[What you are asked to do]:
Retype the whole listing verbatim and keep the pictures out of it.

[Data shown]:
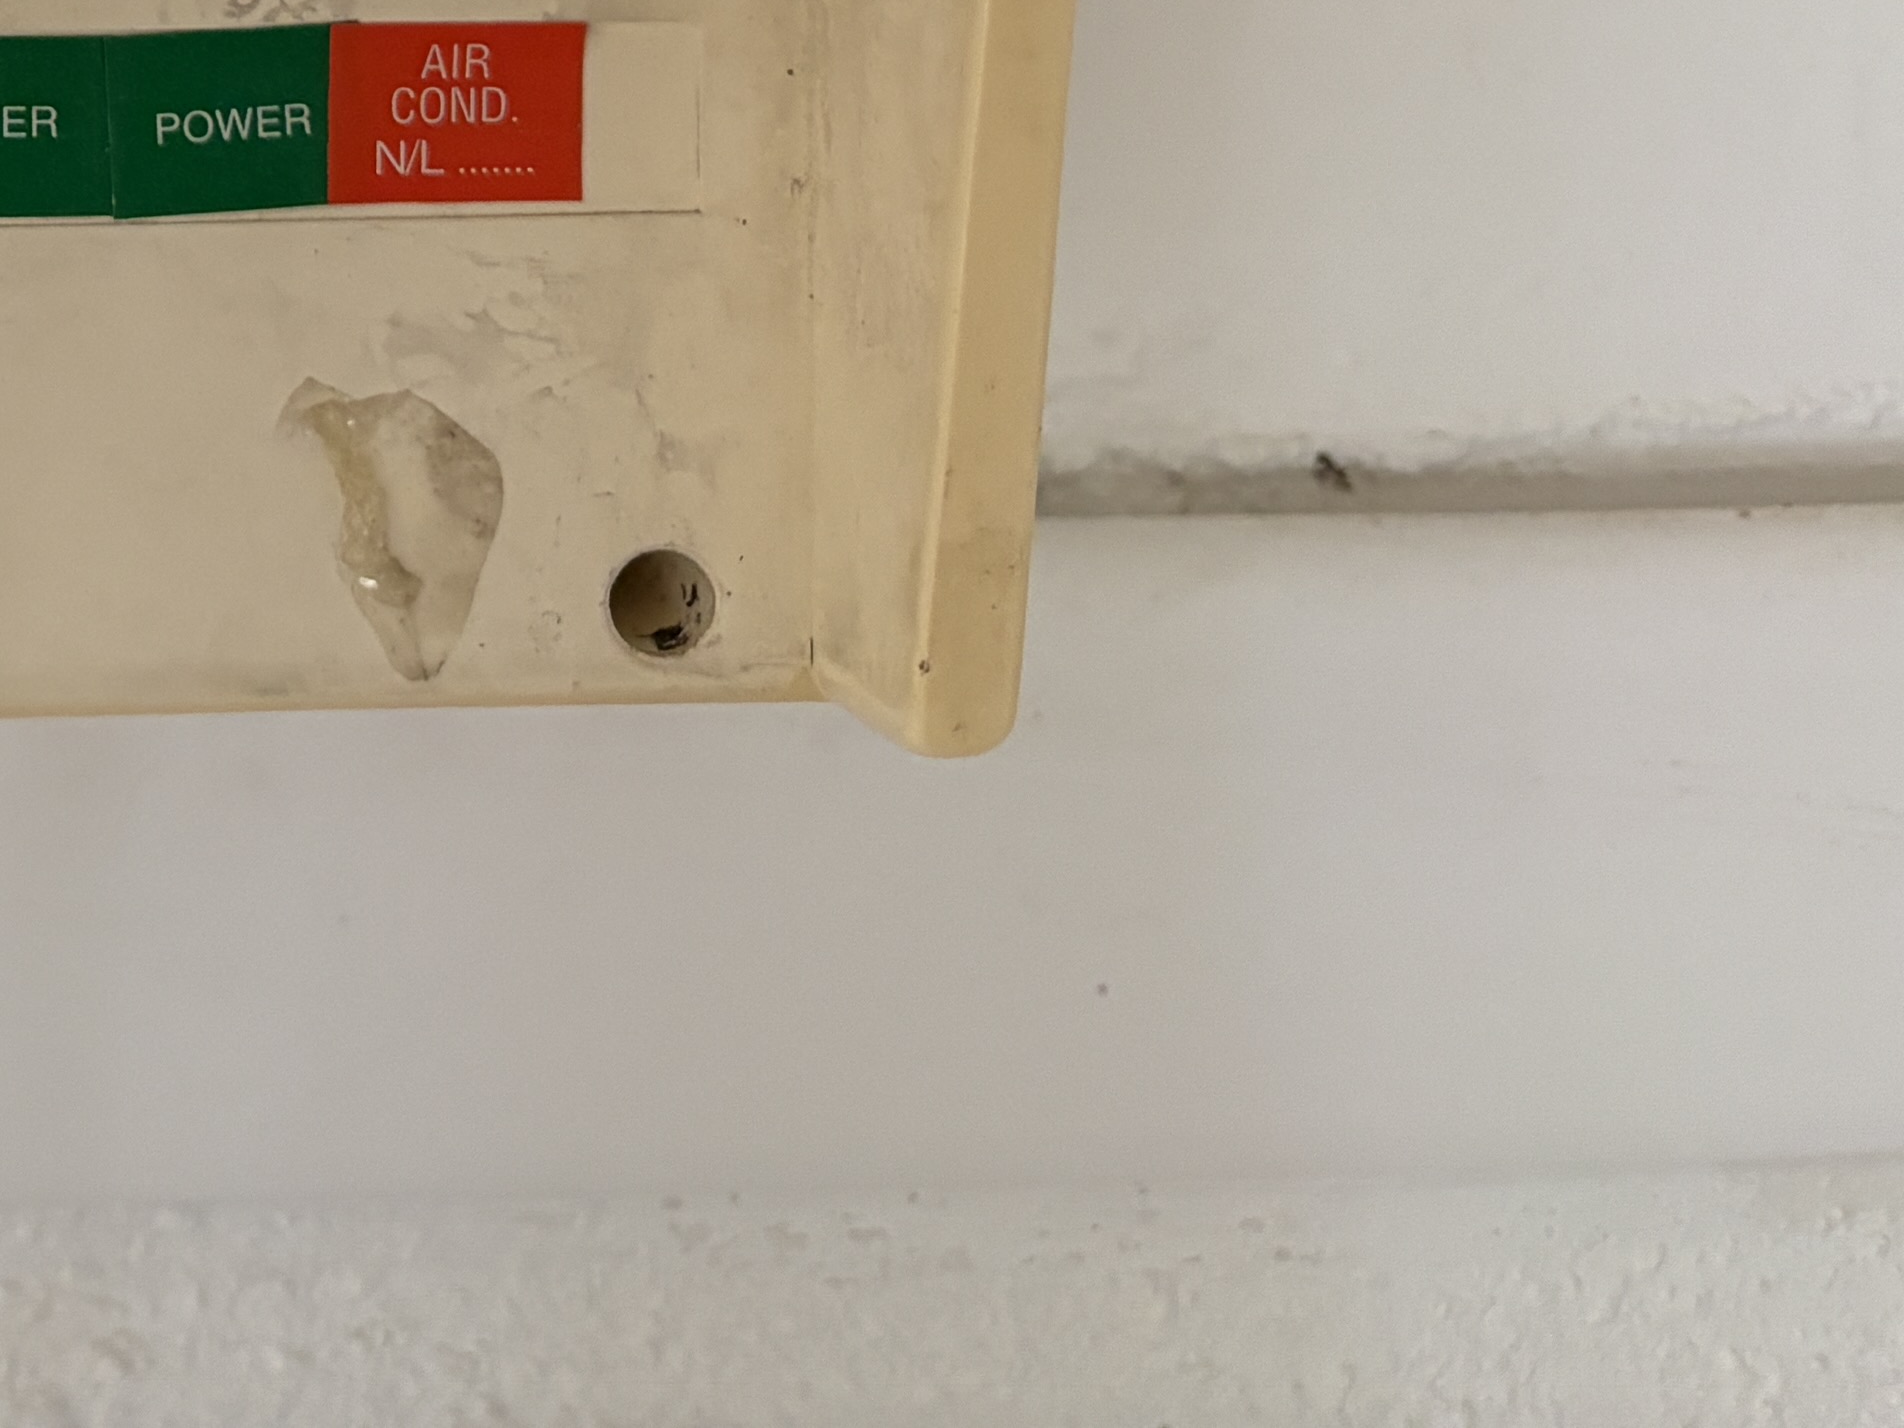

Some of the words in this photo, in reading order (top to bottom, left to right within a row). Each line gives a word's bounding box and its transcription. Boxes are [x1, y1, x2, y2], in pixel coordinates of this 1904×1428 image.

[421, 43, 490, 80] AIR
[155, 103, 313, 144] POWER
[391, 86, 518, 125] COND.
[376, 139, 444, 176] N/L
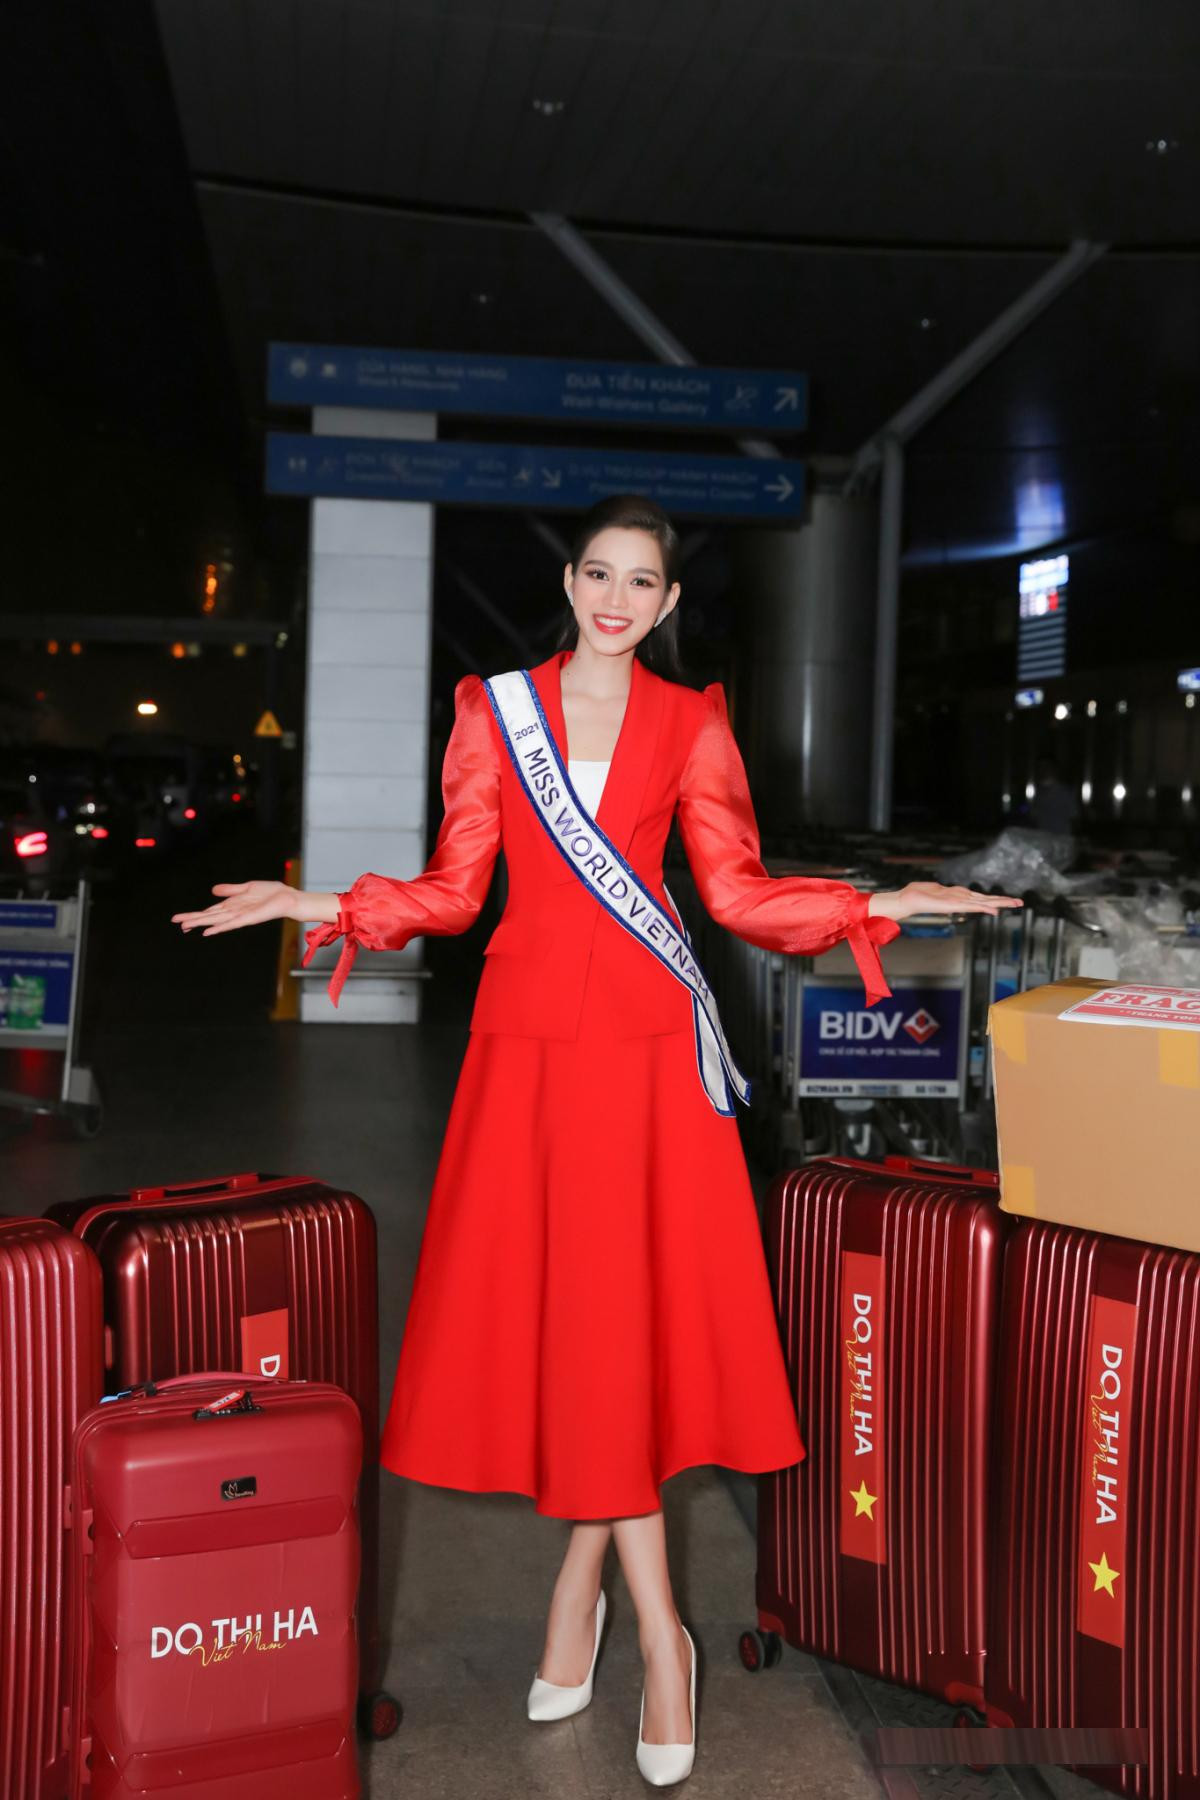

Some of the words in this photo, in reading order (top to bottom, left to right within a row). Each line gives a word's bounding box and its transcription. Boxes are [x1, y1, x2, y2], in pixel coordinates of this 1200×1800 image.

[514, 722, 540, 741] 2021
[524, 747, 560, 808] MISS
[554, 807, 629, 900] WORLD
[819, 1010, 903, 1041] BIDV
[853, 1293, 873, 1344] DO
[854, 1352, 873, 1402] THI
[1100, 1343, 1123, 1400] DO
[854, 1410, 874, 1457] HA
[1099, 1411, 1120, 1466] THI
[1095, 1473, 1118, 1525] HA
[151, 1622, 204, 1659] DO
[211, 1614, 262, 1650] THI
[273, 1606, 319, 1642] HA
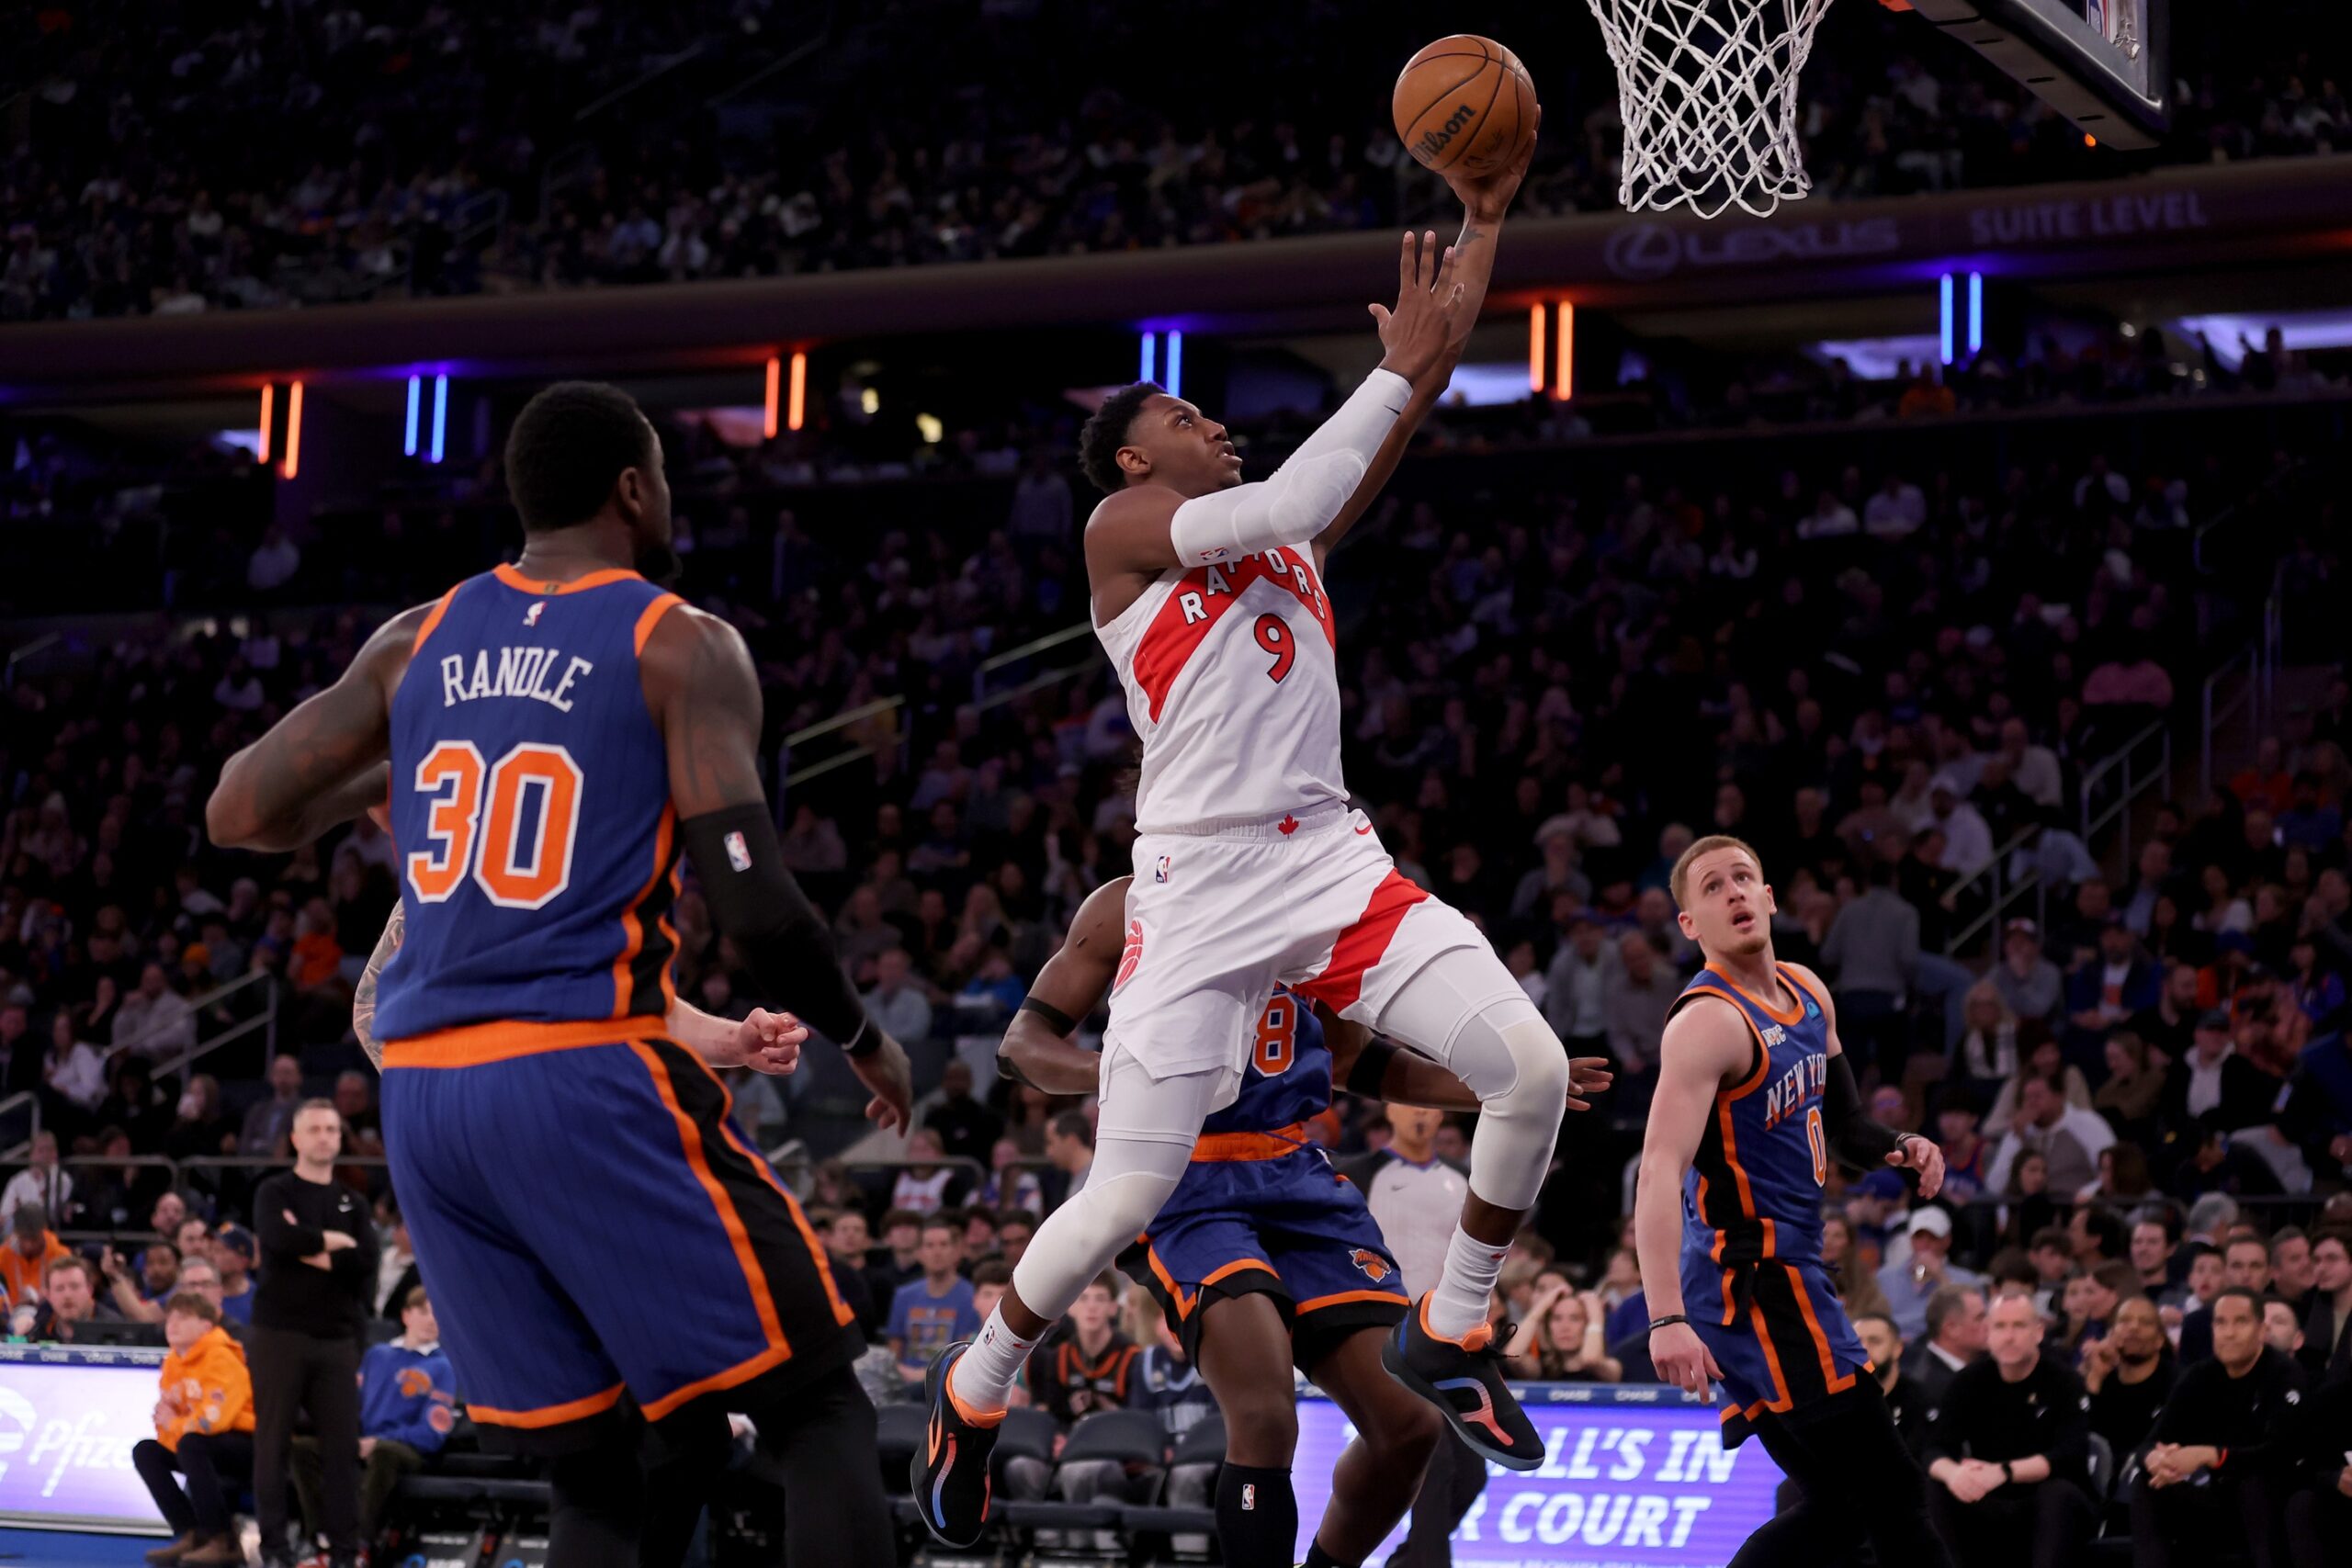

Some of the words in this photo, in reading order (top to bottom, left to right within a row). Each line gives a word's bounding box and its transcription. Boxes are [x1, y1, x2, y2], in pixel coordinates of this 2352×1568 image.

[1685, 217, 1898, 265] LEXUS
[1970, 201, 2083, 245] SUITE
[2091, 192, 2207, 235] LEVEL
[440, 646, 594, 714] RANDLE
[1253, 613, 1296, 684] 9
[407, 739, 584, 910] 30
[1251, 993, 1298, 1077] 8
[1765, 1059, 1806, 1132] NEW
[1806, 1105, 1827, 1189] 0
[1655, 1430, 1741, 1483] IN
[1498, 1492, 1713, 1548] COURT

[Solution for this problem]:
Some of the words in this photo, in reading order (top to bottom, left to right within a row). Each line gives a word's bounding box and its transcription. Boxes are [x1, y1, x2, y2], in pixel coordinates of this 1904×1428 image.

[421, 43, 490, 80] AIR
[155, 103, 313, 144] POWER
[391, 86, 518, 125] COND.
[376, 139, 444, 176] N/L

Some of the words in this photo, in reading order (top to bottom, left to right within a row). Each line gives a word's bounding box and its transcription. Boxes are [x1, y1, x2, y2], in pixel coordinates of this 1200×1800 image.

[514, 722, 540, 741] 2021
[524, 747, 560, 808] MISS
[554, 807, 629, 900] WORLD
[819, 1010, 903, 1041] BIDV
[853, 1293, 873, 1344] DO
[854, 1352, 873, 1402] THI
[1100, 1343, 1123, 1400] DO
[854, 1410, 874, 1457] HA
[1099, 1411, 1120, 1466] THI
[1095, 1473, 1118, 1525] HA
[151, 1622, 204, 1659] DO
[211, 1614, 262, 1650] THI
[273, 1606, 319, 1642] HA

Some of the words in this photo, in reading order (top to bottom, left to right within a row). Each line gives a word's bounding box and its transcription. Boxes are [x1, y1, x2, y2], in pixel coordinates of this 2352×1568 image.

[1685, 217, 1898, 265] LEXUS
[1970, 201, 2083, 245] SUITE
[2091, 192, 2207, 235] LEVEL
[440, 646, 594, 714] RANDLE
[1253, 613, 1296, 684] 9
[407, 739, 584, 910] 30
[1251, 993, 1298, 1077] 8
[1765, 1059, 1806, 1132] NEW
[1806, 1105, 1827, 1189] 0
[1655, 1430, 1741, 1483] IN
[1498, 1492, 1713, 1548] COURT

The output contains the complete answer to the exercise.